Whether you prefer to take things slow, want to wean yourself into moving your body more, or require added support, low-impact exercises may be a perfect fit for you. Here are three different ways to enjoy low-impact exercises and alternative ways to get physically active.

Gentle Yoga Flows

Gentle and slow yoga flows, like Hatha or Vinyasa, provide low-impact movements. They focus on increasing your strength, working with your breath, stretching your muscles, building your core, and improving flexibility and balance. Compared to other forms of yoga, gentle flows hold positions longer, aim for deeper stretches, and encourage you to move slower. It works your joints but applies minimal impact. Plus, yoga allows you to work on your mind as well as your body, providing a two-in-one healthy habit.

Electric Bike Riding

Cycling, in general, reigns as one of the most popular types of low-impact exercise. It keeps your feet off the ground and eliminates collisions with hard surfaces, removing pressure from your joints while still allowing them to move.
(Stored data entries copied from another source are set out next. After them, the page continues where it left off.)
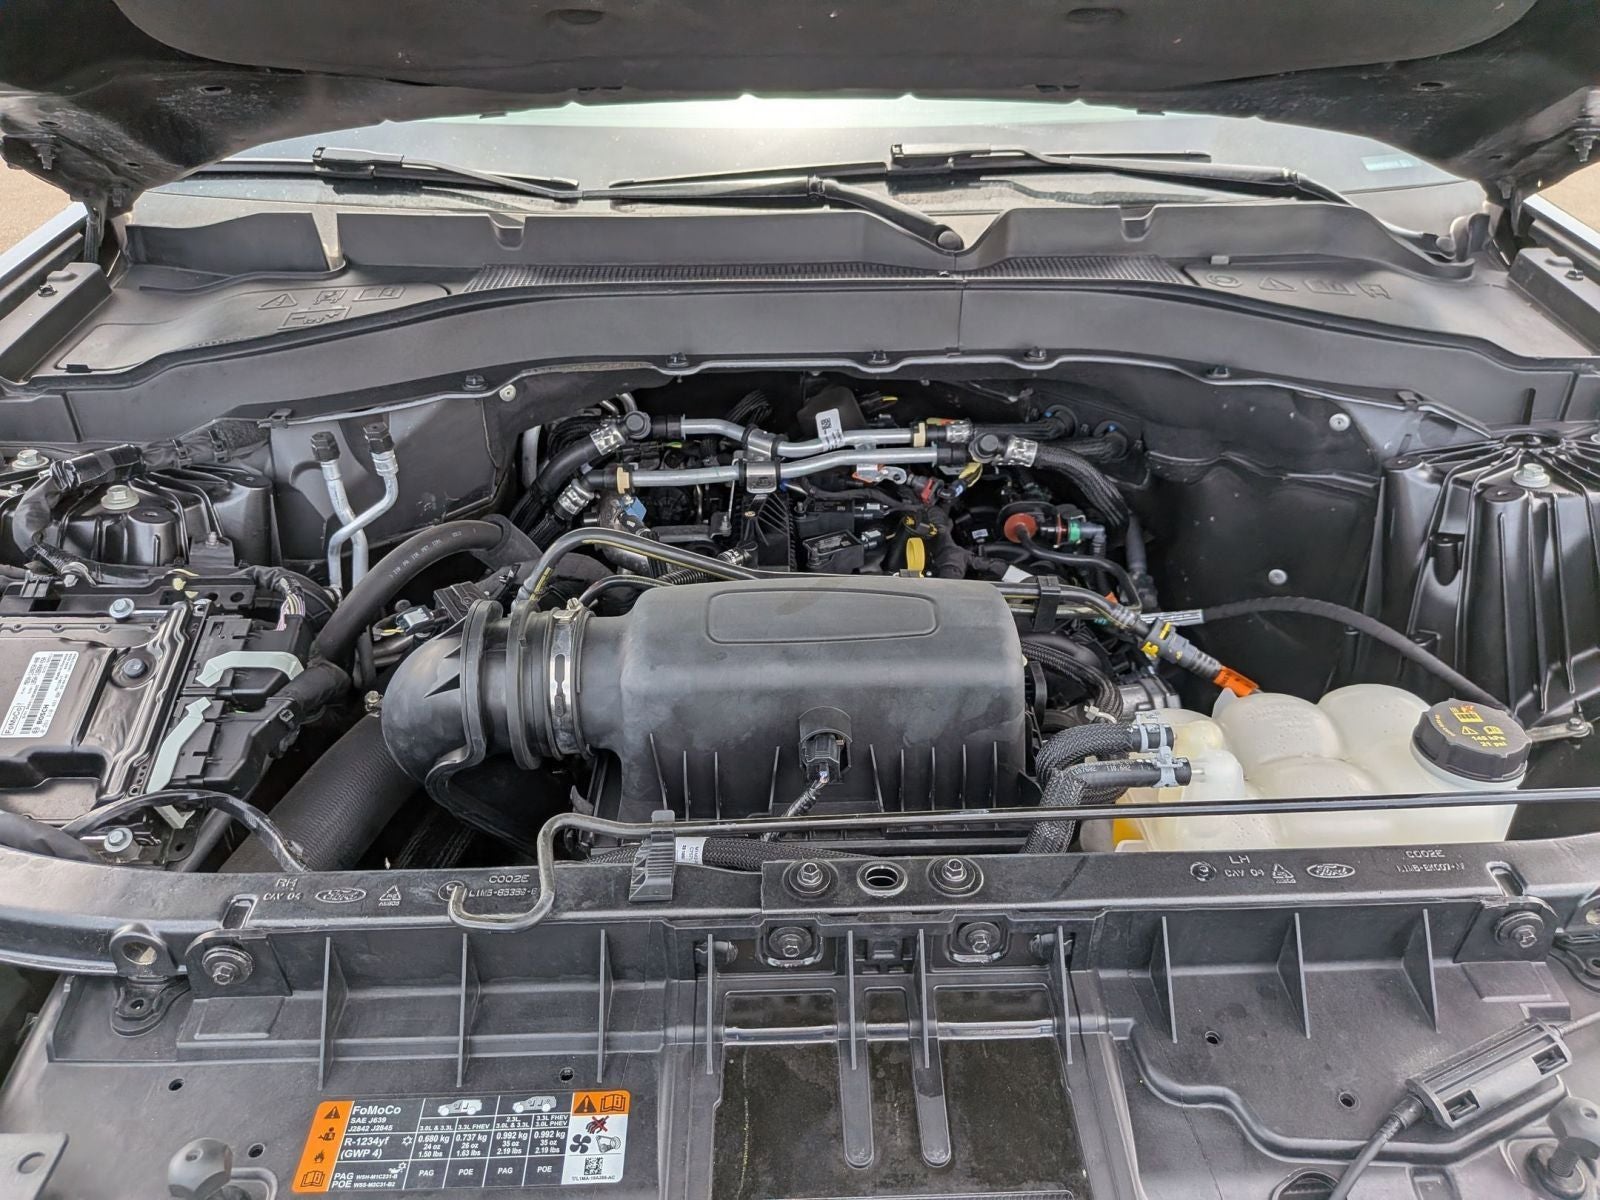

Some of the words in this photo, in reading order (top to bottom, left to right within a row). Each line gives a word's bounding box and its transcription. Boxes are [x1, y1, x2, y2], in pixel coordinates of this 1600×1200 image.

[36, 704, 49, 724] BOSCH
[1229, 855, 1250, 864] LH
[1313, 865, 1350, 877] Ford
[352, 1105, 402, 1115] FoMoCo
[441, 1134, 450, 1144] kg
[456, 1134, 476, 1142] 0.737
[478, 1133, 487, 1142] kg
[518, 1131, 528, 1140] kg
[556, 1130, 566, 1139] kg
[344, 1136, 390, 1147] R-1234yf
[340, 1149, 370, 1160] (GWP
[372, 1149, 382, 1159] 4)
[331, 1180, 352, 1188] POE
Like many other forms of physical activity, cycling comes in many variations. Electric bikes offer numerous health benefits, including assisted low-impact movement. Its electric component and motor give you and your bike extra momentum and an added push, relieving applied force against your joints. It makes certain movements a lot easier, allowing you to move your body longer without overstraining it.

Aquatic Exercises

Take your workouts into the pool for added bouncy and less joint pressure. Aquatic exercises, like swimming and water aerobics, allow you to move without the strain or impact of working against gravity. The water provides impact relief while also simultaneously providing resistance, forcing your muscles to work a little harder without the risk of hurting your bones or joints. As a bonus, aquatic exercises allow you to stay refreshed and exercise with various fun water equipment, from pool noodles to aqua dumbbells.
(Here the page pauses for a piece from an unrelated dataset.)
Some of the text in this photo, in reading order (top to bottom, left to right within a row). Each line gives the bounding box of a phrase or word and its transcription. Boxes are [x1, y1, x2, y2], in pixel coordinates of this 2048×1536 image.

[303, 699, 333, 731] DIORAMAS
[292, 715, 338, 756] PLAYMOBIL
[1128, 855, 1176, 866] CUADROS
Enjoy the benefits of physical activity without putting your joints and bones at risk with these three low-impact exercises. Whether you decide to slow down with a yoga flow, ride an electric bike, or take things to the pool, each of these exercise forms allows you to stay fit and maintain your health, even with some physical ailments. Plus, they add more entertainment to the mix compared to doing cardio and other workouts in a gym.